▶ Exercise goal: The whole listing needs retyping exactly; keep the pictures out of it.

▶ Dataset records:
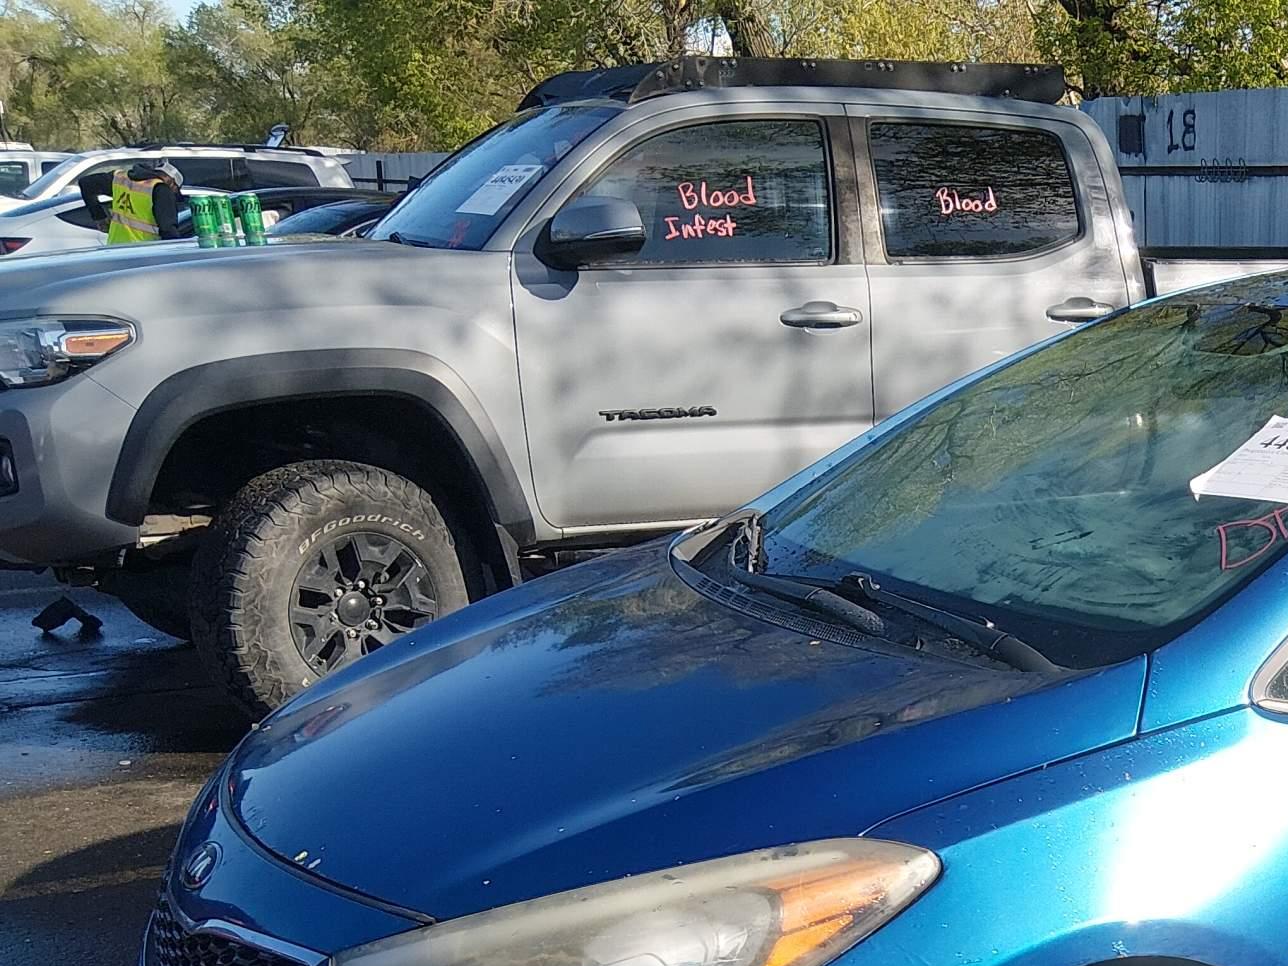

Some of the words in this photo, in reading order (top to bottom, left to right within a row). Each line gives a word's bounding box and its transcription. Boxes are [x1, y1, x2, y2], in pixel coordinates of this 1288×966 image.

[1167, 109, 1196, 153] 18
[677, 175, 757, 211] Blood
[935, 186, 998, 215] Blood
[664, 213, 738, 241] Infest
[598, 405, 718, 421] TACOMA
[298, 513, 426, 555] BFGoodrich
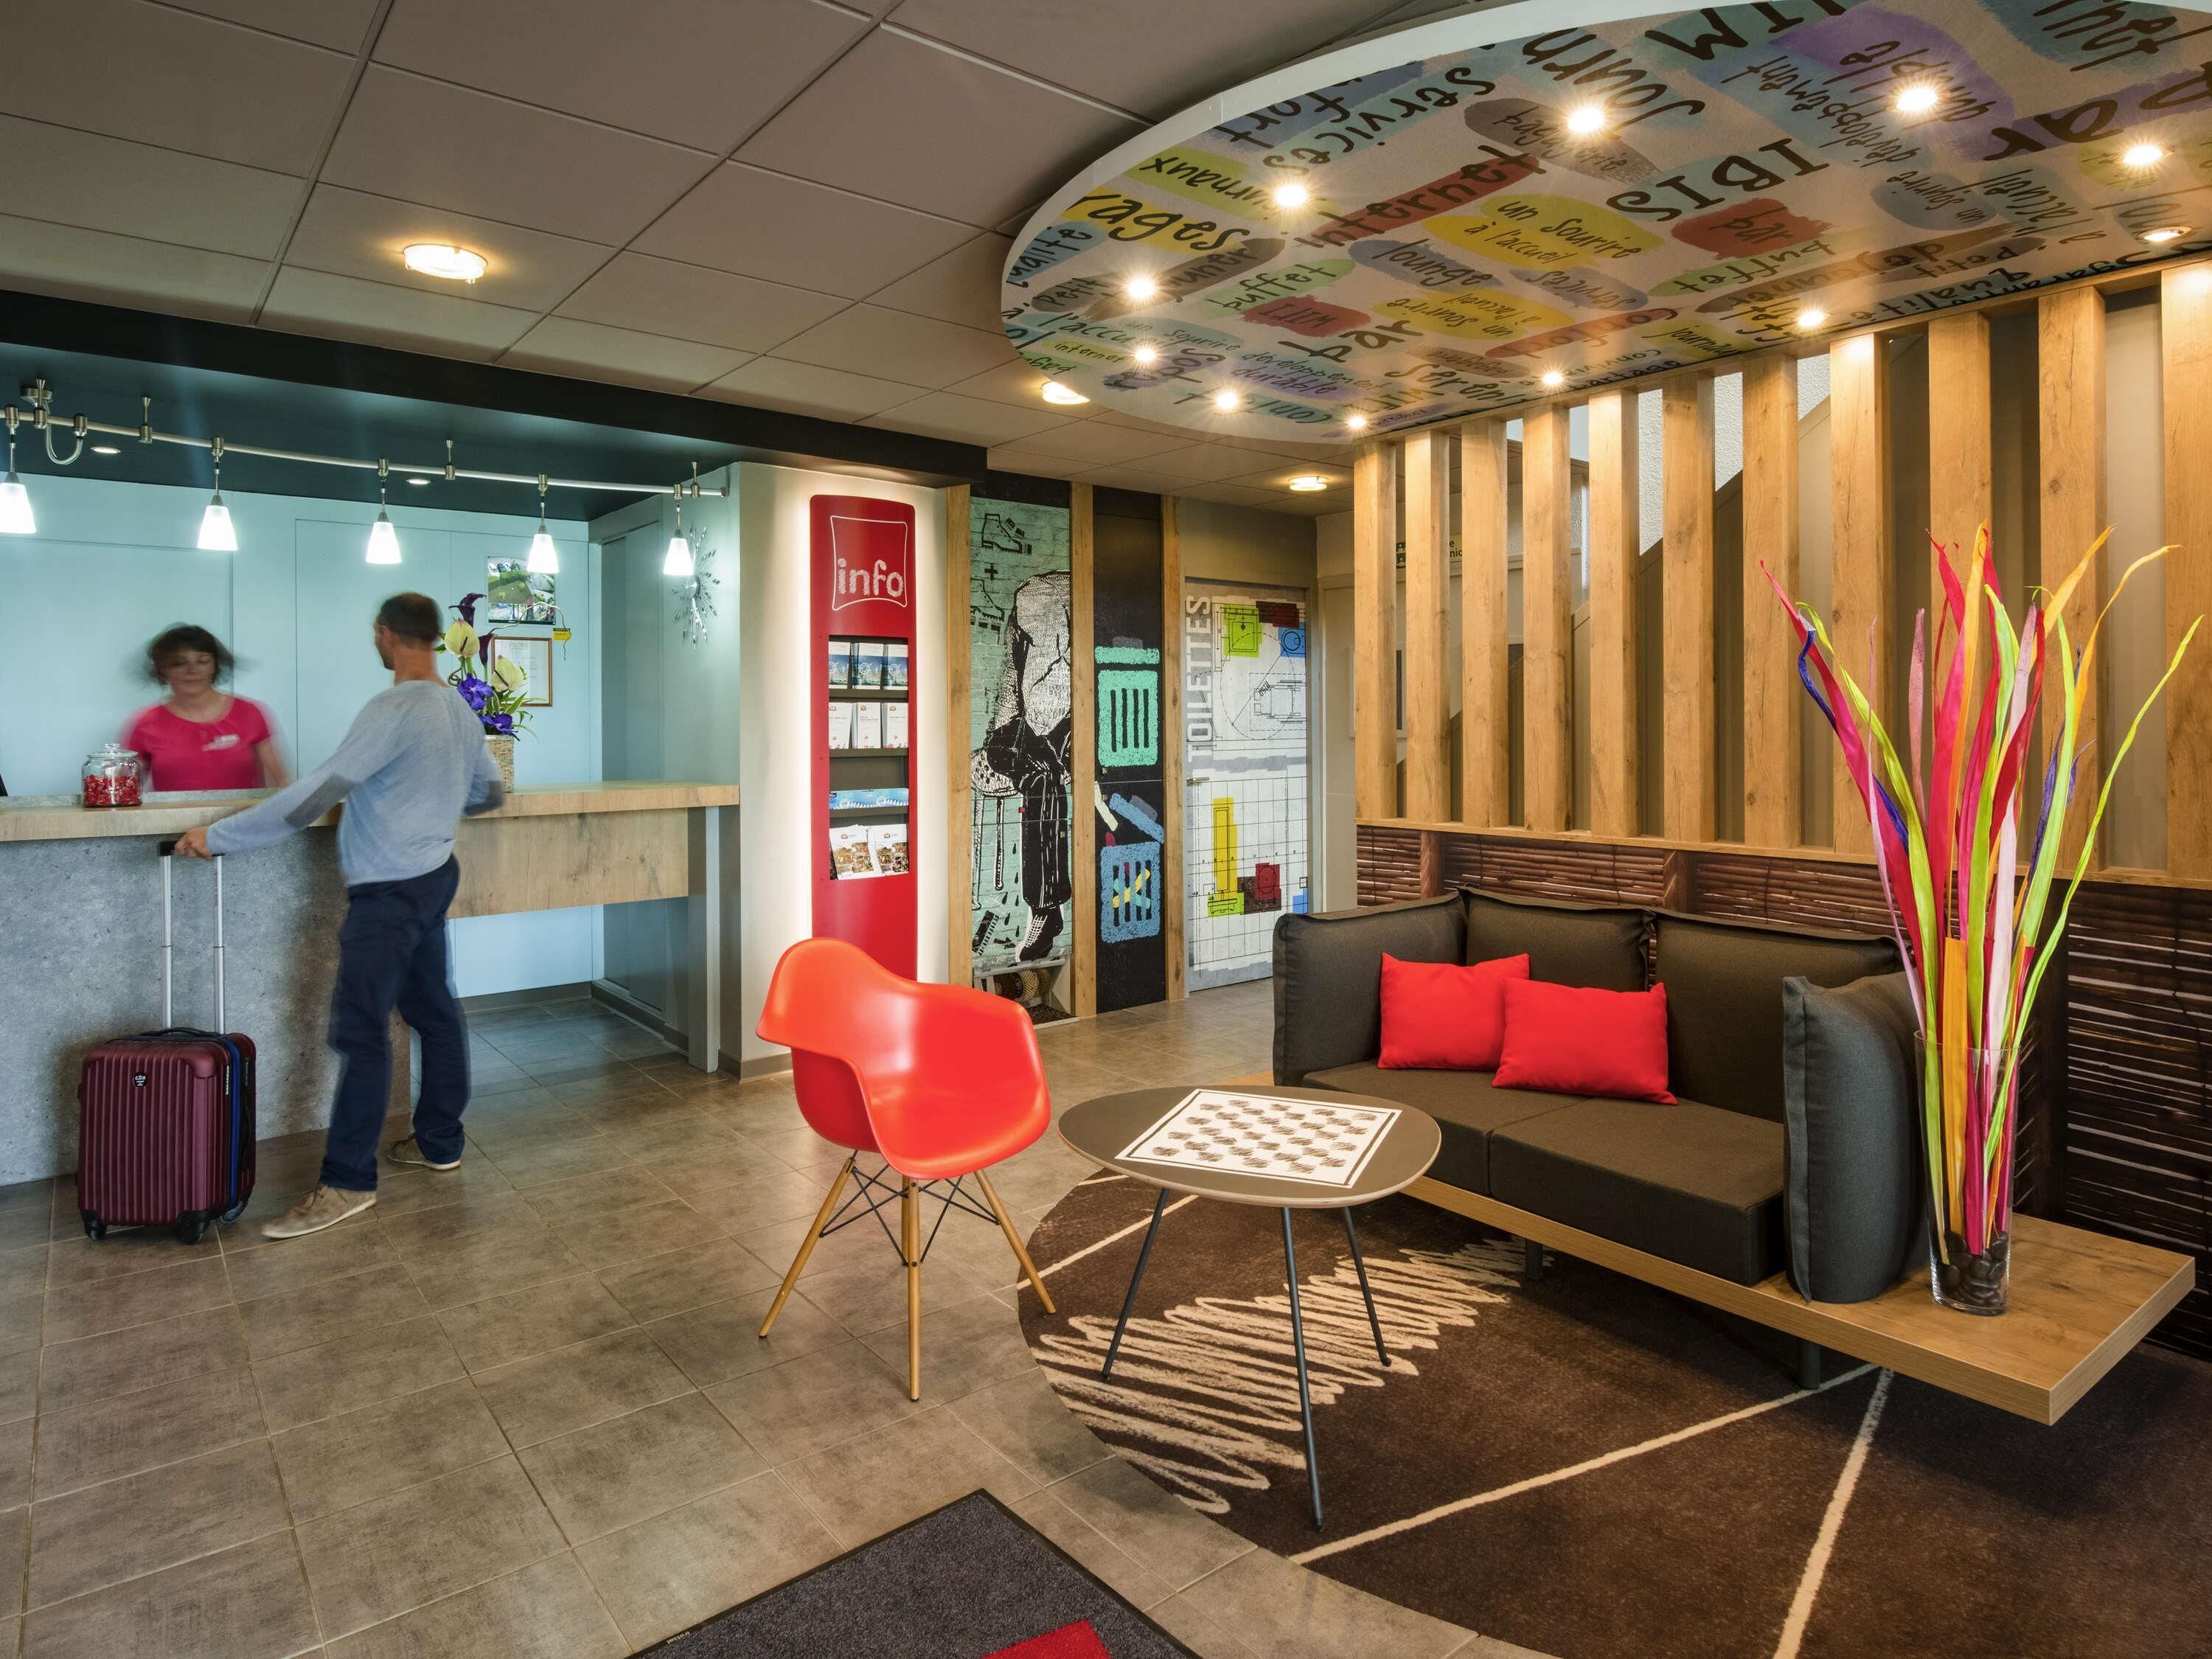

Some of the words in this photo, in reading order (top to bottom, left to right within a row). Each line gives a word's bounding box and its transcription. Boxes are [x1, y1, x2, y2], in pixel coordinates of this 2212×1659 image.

[1821, 41, 1997, 131] duble
[1263, 67, 1496, 176] services
[1280, 145, 1547, 248] internet
[1606, 139, 1830, 221] IBIS
[1484, 229, 1579, 265] l'accueil
[1497, 201, 1539, 221] un
[1540, 218, 1642, 259] sourire
[1371, 238, 1493, 286] lounge
[1673, 240, 1836, 293] buffet
[1206, 264, 1337, 311] buffet
[1526, 270, 1638, 309] services
[1387, 298, 1479, 327] sourire
[1482, 325, 1514, 338] un
[1054, 341, 1129, 364] internet
[1278, 320, 1424, 363] bar
[1231, 367, 1338, 395] durable
[838, 558, 904, 597] info
[1186, 595, 1214, 762] TOILETTES

▶ Answer to this task:
Some of the words in this photo, in reading order (top to bottom, left to right within a row). Each line gives a word's bounding box and its transcription. Boxes are [x1, y1, x2, y2], in pixel coordinates of this 1288×966 image.

[1167, 109, 1196, 153] 18
[677, 175, 757, 211] Blood
[935, 186, 998, 215] Blood
[664, 213, 738, 241] Infest
[598, 405, 718, 421] TACOMA
[298, 513, 426, 555] BFGoodrich

Some of the words in this photo, in reading order (top to bottom, left to right within a row). Each line gives a word's bounding box and its transcription. Boxes are [x1, y1, x2, y2], in pixel coordinates of this 2212×1659 image.

[1821, 41, 1997, 131] duble
[1263, 67, 1496, 176] services
[1280, 145, 1547, 248] internet
[1606, 139, 1830, 221] IBIS
[1484, 229, 1579, 265] l'accueil
[1497, 201, 1539, 221] un
[1540, 218, 1642, 259] sourire
[1371, 238, 1493, 286] lounge
[1673, 240, 1836, 293] buffet
[1206, 264, 1337, 311] buffet
[1526, 270, 1638, 309] services
[1387, 298, 1479, 327] sourire
[1482, 325, 1514, 338] un
[1054, 341, 1129, 364] internet
[1278, 320, 1424, 363] bar
[1231, 367, 1338, 395] durable
[838, 558, 904, 597] info
[1186, 595, 1214, 762] TOILETTES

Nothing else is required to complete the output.